America's only festival of international authors, World Voices will
occur April 24 to 29 in various locations around New York City,
including festival venues such as the Bowery Ballroom and the Morgan
Library.
Israeli writer
David Grossman will deliver the Arthur Miller Freedom to Write Lecture
on the Festival's closing night, and other participants include Salman
Rushdie, Nobel Laureate Nadine Gordimer, Dave Eggers, Patricia Melo,
Starbucks selection author Ishmeal Beah, novelist and screenwriter
(Babel) Guillermo Arriaga, Booker Prize-winner Kiran Desai, Neil
Gaiman, Yasmina Khadra, Saadi Youssef, Pulitzer Prize-winner Marilynne
Robinson, Ma Jian, Tatyana Tolstaya, Sam Shepard, and writer/musician
and downtown artist Patti Smith. For a full lineup of this year's
events click here.
The Festival's theme of "Home and Away" explores the insights
literature and writers bring to bear on critical topics in today's
world: local versus larger attachments in a globalizing world, the
conflicting claims of tribe, religion and nation, and the ultimate
issue of planetary survival. "In the United States the charged question
of who can call America home has ignited a national debate on
immigration," said newly appointed Festival Director Caro Llewellyn,
who comes to PEN from the acclaimed Sydney Writers' Festival. "We
wanted to open up the discussion to include broader questions about
what makes a home, and how we define ourselves in relation to it. The
Festival affirms PEN's conviction that writers have an essential
contribution to make to the resolution of such issues and that our
national conversation can and must be enriched by a more diverse and
international range of voices."
Taking "home" in its broadest possible sense, the Festival opens with a
major event at Cooper Union's Great Hall bringing the writer's
distinctive focus to the crisis facing the planet itself. Destruction
of the Earth's natural systems touches each of us across boundaries of
nationality, economics, religion, ethnicity, and language. On the
evening of Tuesday, April 24, Homero Aridjis, Billy Collins, Jonathan
Franzen, Moses Isegawa, Pico Iyer, Laura Restrepo, Marilynne Robinson,
Roxana Robinson, Salman Rushdie, and Colson Whitehead will each read
impassioned and illuminating pieces on the subject of the natural world.

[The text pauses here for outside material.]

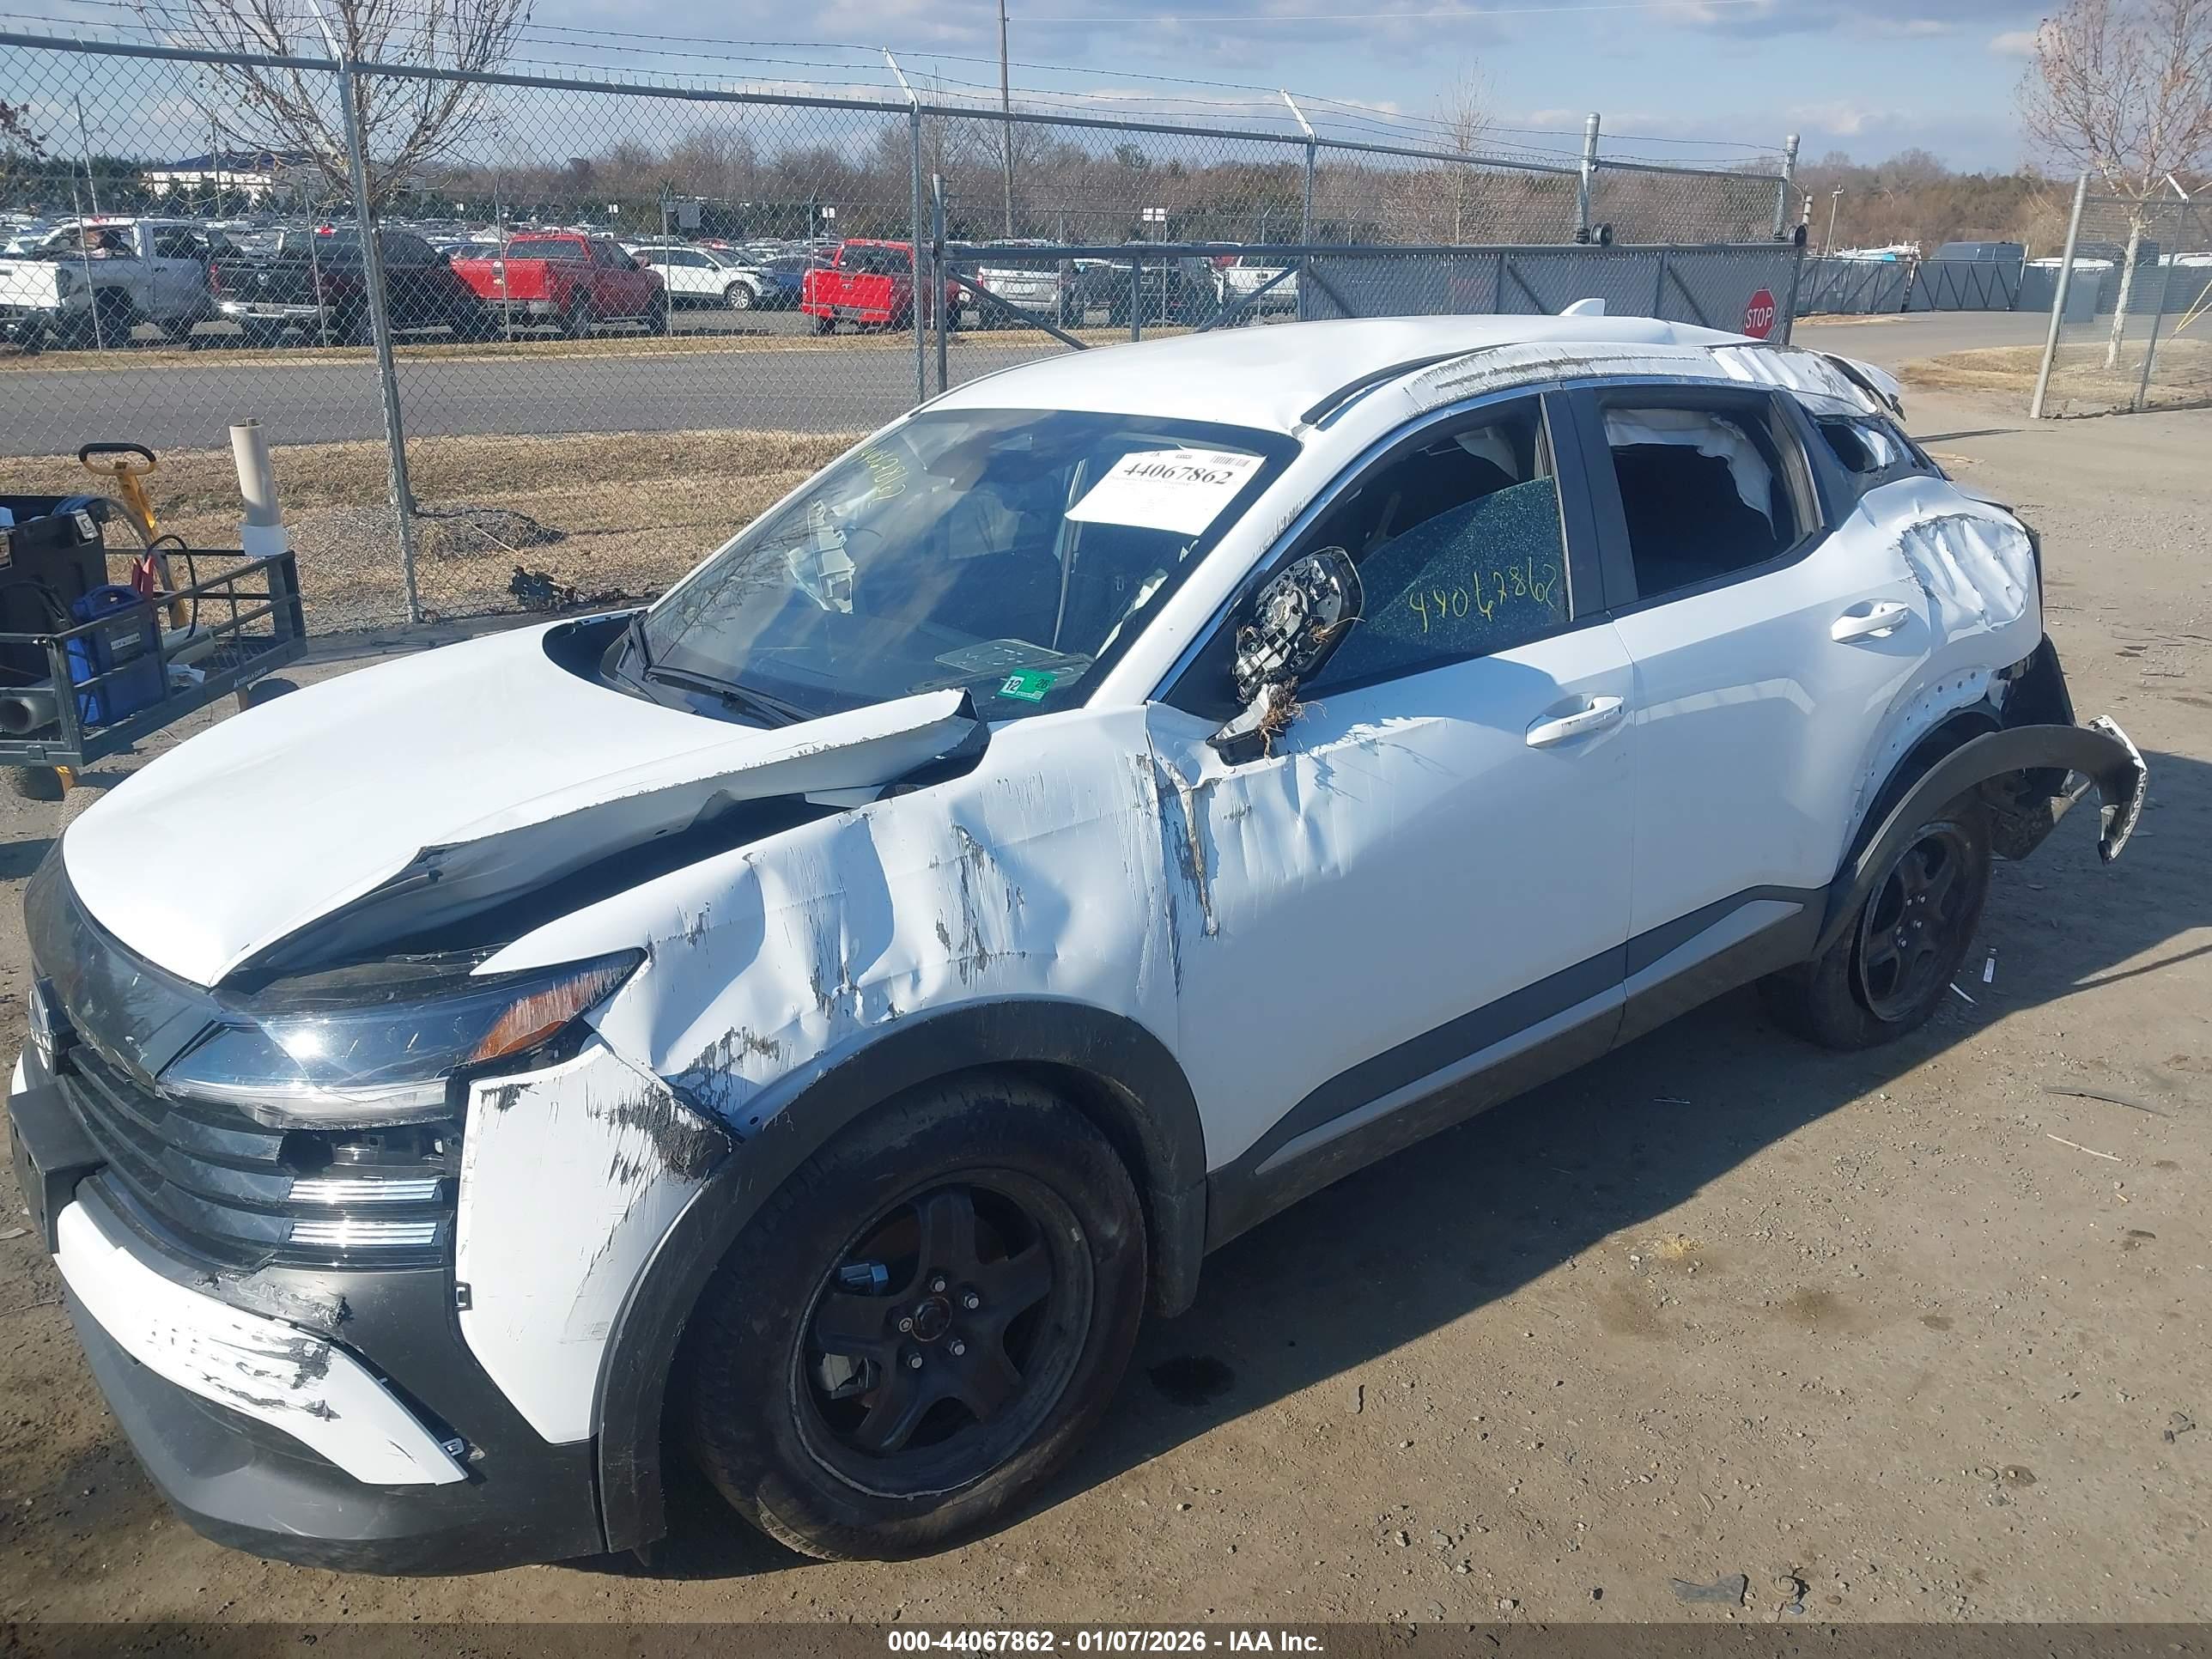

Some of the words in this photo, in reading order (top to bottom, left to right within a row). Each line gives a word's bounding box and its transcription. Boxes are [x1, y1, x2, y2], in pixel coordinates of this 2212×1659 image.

[1746, 307, 1773, 329] STOP
[1123, 463, 1233, 485] 44067862
[1409, 556, 1557, 633] 44067862
[1006, 679, 1022, 691] 12

Programs around the city will consider the theme of "Home and Away"
from a variety of perspectives. The Festival also features several
large-scale ensemble events, comprising writers from a number of
nations and backgrounds. Among this year's highlights: "Town Hall
Readings: Writing Home," where Don DeLillo, Nobel Prize-winner Nadine
Gordimer, Steve Martin, and Salman Rushdie join other U.S. and
international voices to explore the idea of home (Wednesday, April 25);
"An Evening with The Moth," where one of the city's hippest literary
series takes on the festival theme through storytelling by authors such
as Neil Gaiman and Pico Iyer, with humorist John Hodgman as the M.C.

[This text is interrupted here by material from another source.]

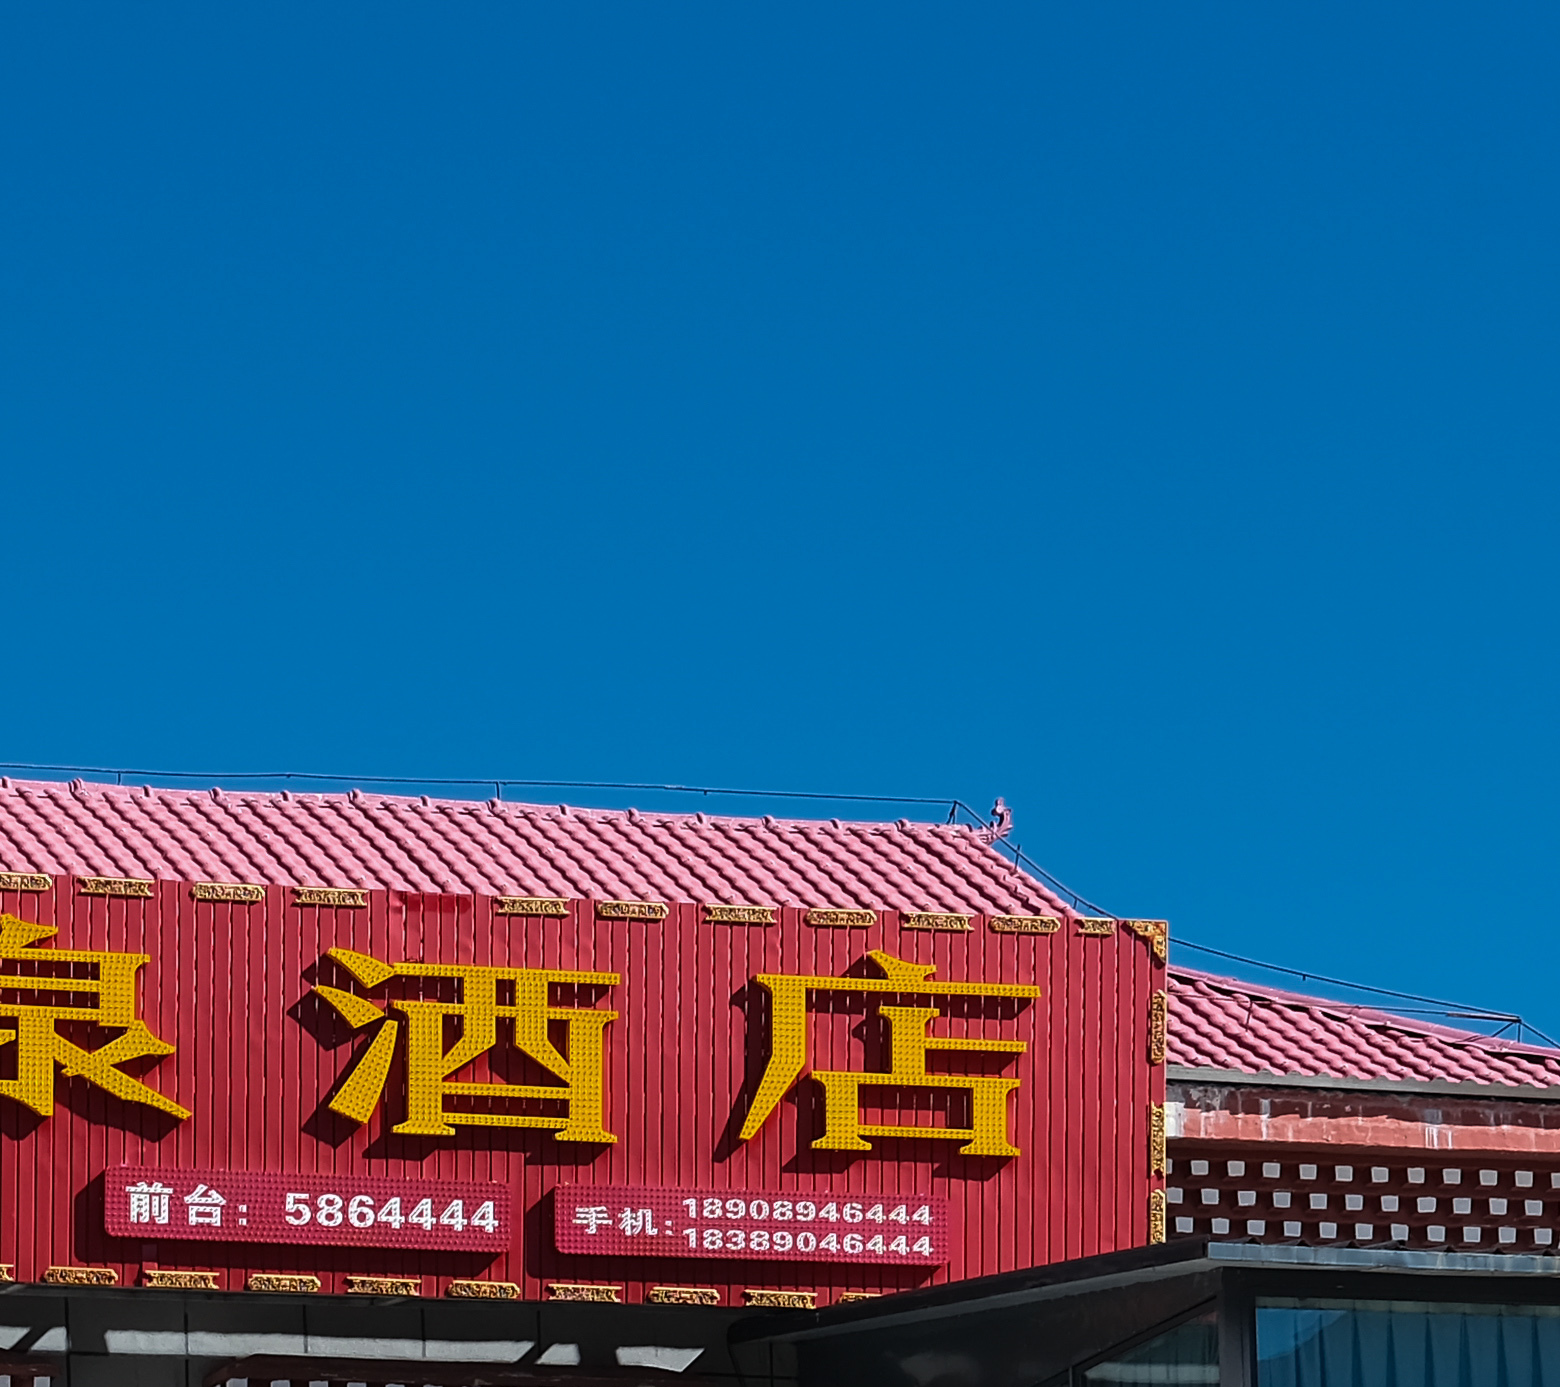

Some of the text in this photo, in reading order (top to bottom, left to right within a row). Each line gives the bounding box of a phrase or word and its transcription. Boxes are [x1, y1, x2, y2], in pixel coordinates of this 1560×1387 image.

[284, 1192, 501, 1235] 5864444
[681, 1197, 935, 1226] 18908946444
[681, 1227, 935, 1257] 18389046444

(Thursday, April 26); "A Believer Nighttime Event," featuring a
performance by Miranda July and a "Writer Speed Date Session" with four
World Voices authors (Saturday, April 28); "The PEN Cabaret," bringing
together musician and poet Patti Smith, playwright Sam Shepard, poet
Saul Williams and other special guests at the Bowery Ballroom
(Saturday, April 28).
Numerous one-on-one conversations throughout the Festival week will
pair authors in intimate discussion of their craft. Among these
programs are Neil Gaiman with Ivory Coast graphic novelist Marguerite
Abouet, Norway's award-winning writer Per Petterson and Pulitzer Prize
winner Marilynne Robinson, Babel screenwriter Guillermo Arriaga and
Paul Auster, Dave Eggers and the subject of his new novel, Valentino
Achak Deng, Kiran Desai and Vikram Chandra, and Tatyana Tolstaya and
David Remnick. Events on Sunday, April 29, at the New York Public
Library include a tribute to the late Polish writer and journalist
Ryszard Kapuscinski, a panel about sex and eroticism in today's
literature, and an event examining the temptations and responsibilities
of travel writing featuring British author/philosopher Alain de Botton.
Among other Festival programs taking place: a series of events for
young people, featuring writers with unexpected takes on childhood
themes and experiences, such as Ishmael Beah, Neil Gaiman, Uzodinma
Iweala, and Markus Zusak; programs on prison writing, including an
evening hosted by director and producer Sydney Pollack (Thursday, April
26); a panel examining the cultural forces that have shifted the focus
of Latin American writing from Magic to "Gritty Realism" (Friday, April
27); a discussion moderated by Alice Sebold about the rise of
Mediterranean noir (Friday, April 27); and several events about what's
lost and gained in the translation from literature to both drama and
film (and vice versa).
The Festival's closing event on Sunday, April 29-the second annual
Arthur Miller Freedom to Write Lecture (last year's speaker was Nobel
Prize-winner Orhan Pamuk)-will feature Israeli writer David Grossman.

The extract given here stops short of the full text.